Em relação ao papel das Instituições de Ensino Superior (IES) em todo o processo, Paulo Pereira defendeu que as IES "contribuem decisivamente para a produção de conhecimento, desenvolvimento tecnológico e prosperidade das sociedades", mas que deve haver uma maior articulação entre o mundo académico e os setores empresariais. Com efeito, "uma das maiores dificuldades da União Europeia (UE) é a transferência de investigação e inovação para a economia", por isso, as IES devem fomentar "a actividade de investigação e inovação em estreita colaboração com a indústria, estimular a criação de empresas spin-off, apoiar a criação de empresas de base tecnológica, criar espaços de pré-incubação de empresas". Mas tudo isto só se consegue "com um forte investimento público e privado".
As linhas gerais do Relatório Draghi foram depois apresentadas pelo Principal da EY-Parthenon, Hermano Rodrigues, e pelo Administrador do Politécnico do Porto, Paulo Ferraz.
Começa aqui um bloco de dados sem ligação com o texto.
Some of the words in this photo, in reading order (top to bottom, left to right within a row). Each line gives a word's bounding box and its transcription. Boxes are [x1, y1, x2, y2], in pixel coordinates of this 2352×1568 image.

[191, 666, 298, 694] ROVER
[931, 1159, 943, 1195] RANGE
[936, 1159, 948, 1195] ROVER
Cerca de 70% da diferença entre o PIB per capita da UE e dos EUA é explicada pela produtividade e o crescimento mais lento da produtividade tem sido associado a um crescimento mais lento do rendimento e a uma procura interna mais fraca da Europa.
Por isso, e para Paulo Ferraz, "uma das questões mais relevantes no relatório é a questão da produtividade". Como tal, "grande parte das medidas [do relatório] tende a concretizar uma melhoria substancial da competitividade através da produtividade e outros fatores, designadamente, a descarbonização e um maior investimento nas empresas". O Administrador do Politécnico do Porto elencou ainda os três grandes desafios que a Europa enfrenta: a inovação, e "a necessidade de encontrar novos motores de crescimento"; a energia, e "o modo como o seu custo impacta o preço final dos produtos", bem como a necessidade de "mudar para uma economia circular"; e a difícil situação geopolítica, a que não é alheio o reforço do investimento na defesa, que coloca a Europa mais próxima dos dois grandes focos de tensão atuais e que "transforma as dependências em vulnerabilidades".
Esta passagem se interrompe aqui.